The most common dirt bike engine types are single-cylinder or four-stroke multi-cylinder (V2, V4, etc.). Of course, most street bikes use a similar engine design as well. But many dirt bikes have four-stroke engines. This is because the combustion process used in a four-stroke engine is more efficient than that of two-stroke engines.
Add to that the fact that four strokes are inherently simpler (with only 2 moving parts: valves and a crankshaft) and dirt bike manufacturers found this kind of engine advantageous in their machines. Since the technology was so well developed, manufacturers had to make modifications that would allow these kinds of engines to operate properly on the race track and still be able to perform at a high level.
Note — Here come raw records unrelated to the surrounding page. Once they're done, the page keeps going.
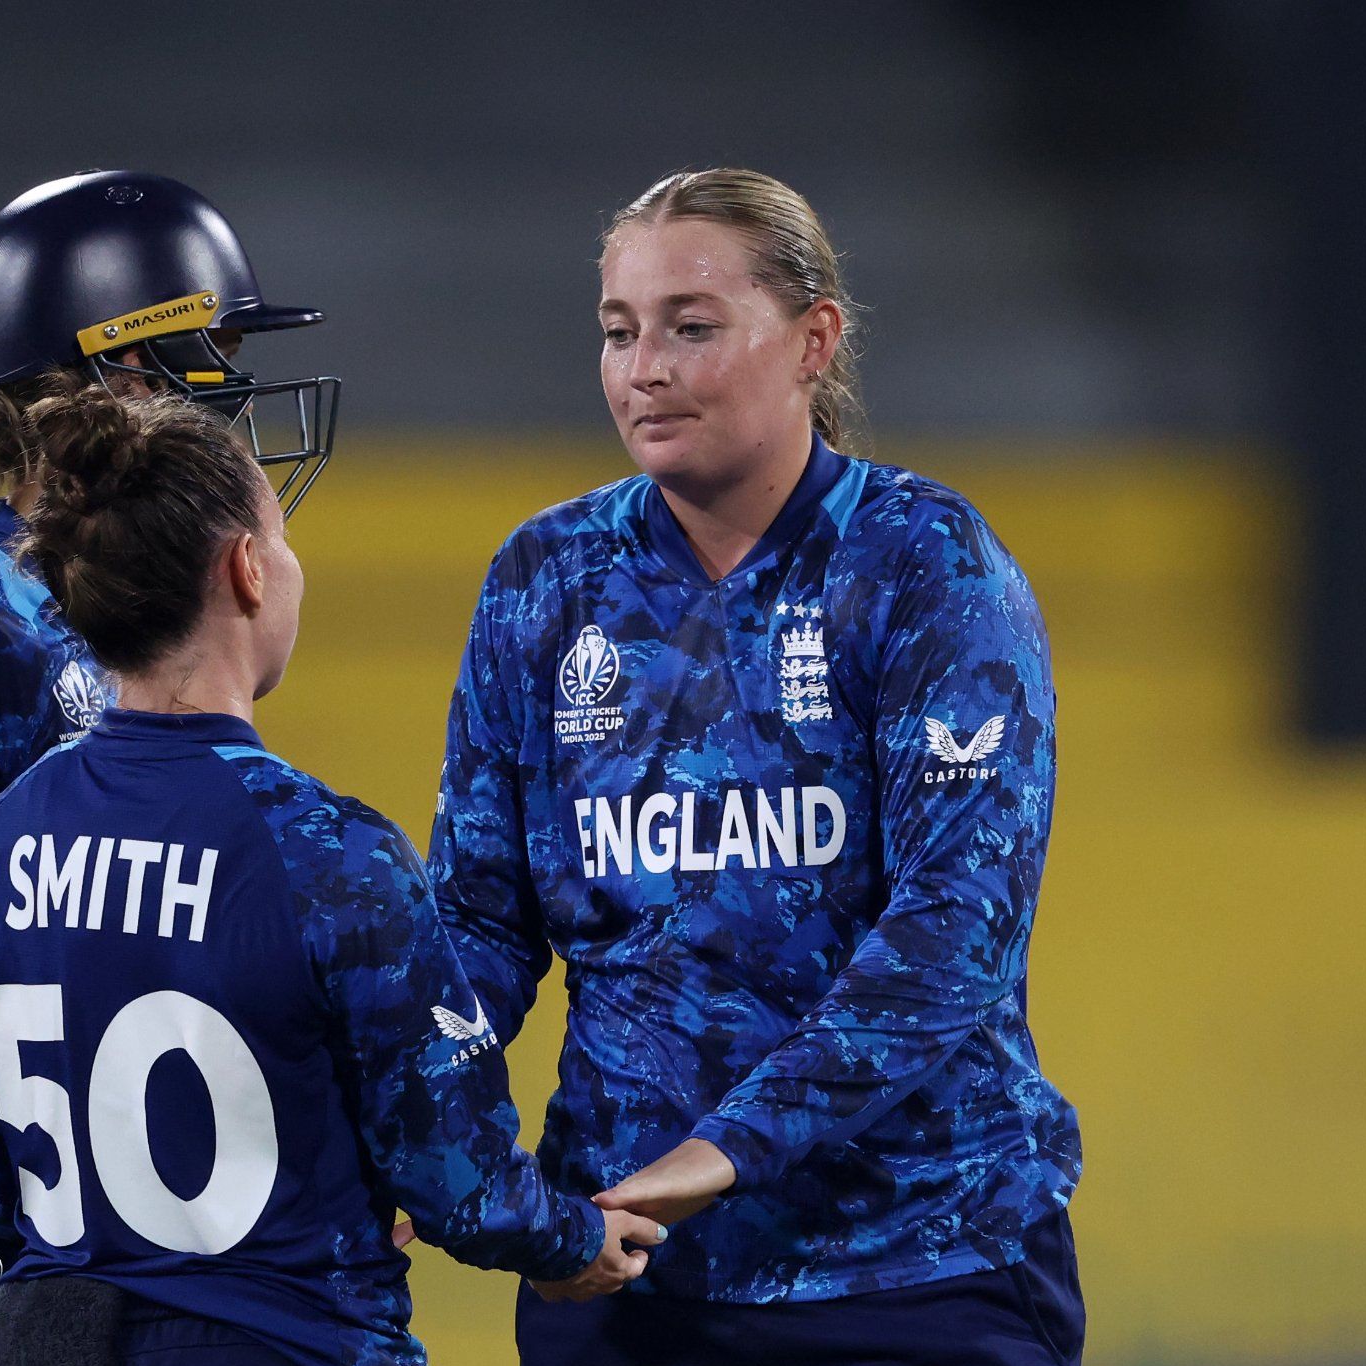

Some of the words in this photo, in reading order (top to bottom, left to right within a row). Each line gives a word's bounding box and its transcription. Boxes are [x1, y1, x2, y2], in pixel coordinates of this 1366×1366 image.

[123, 302, 195, 331] MASURI
[576, 692, 596, 706] ICC
[586, 706, 622, 717] CRICKET
[78, 714, 100, 728] ICC
[595, 717, 624, 731] CUP
[561, 735, 584, 744] INDIA
[585, 732, 606, 742] 2025
[924, 766, 999, 784] CASTORE
[574, 785, 847, 879] ENGLAND
[5, 834, 219, 943] SMITH
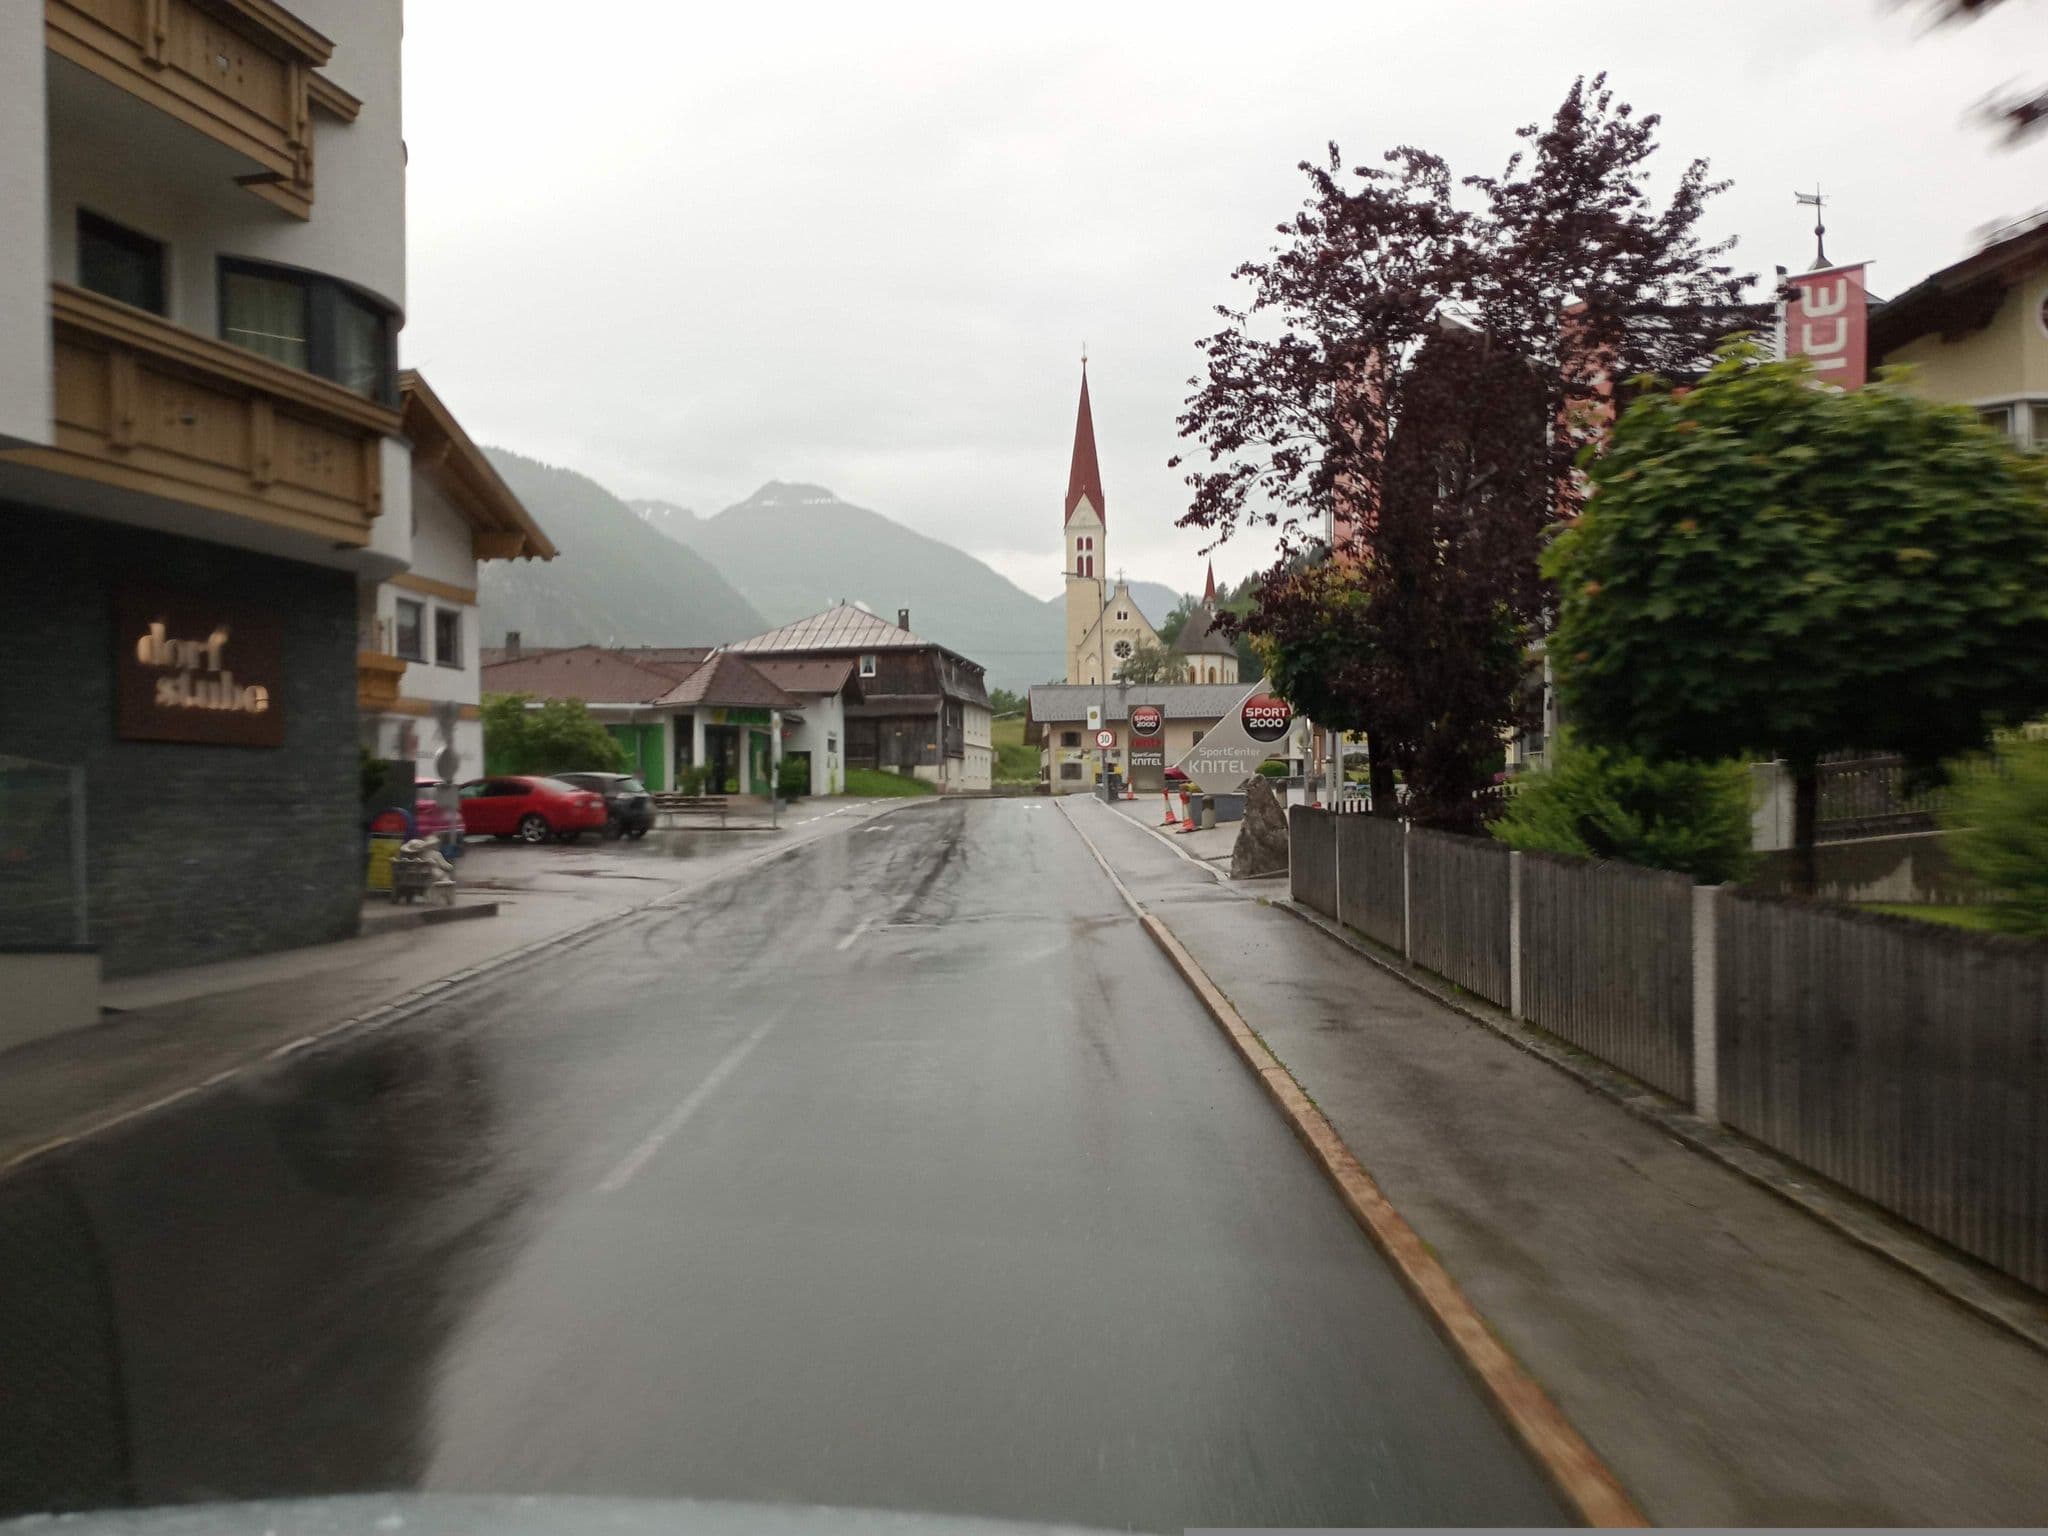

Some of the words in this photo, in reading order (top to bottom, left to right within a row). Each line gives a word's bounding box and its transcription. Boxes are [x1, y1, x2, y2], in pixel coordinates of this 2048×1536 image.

Advantages and Disadvantages of a Two-stroke Cycle Engine
Advantages of a Two-Stroke Engine
- The main advantage of a 2-stroke engine is that they are lighter than four-stroke engines. In a two-stroke engine, the crankcase, carburetor, and intake manifold are combined into one part (called a cylinder head). This makes the engine more compact and lighter, which is great for performance and speed.
- Another advantage of a 2-stroke engine is that it has fewer moving parts than a 4-stroke engine. Because there are fewer moving parts in two strokes, this can help prevent mechanical failures from occurring.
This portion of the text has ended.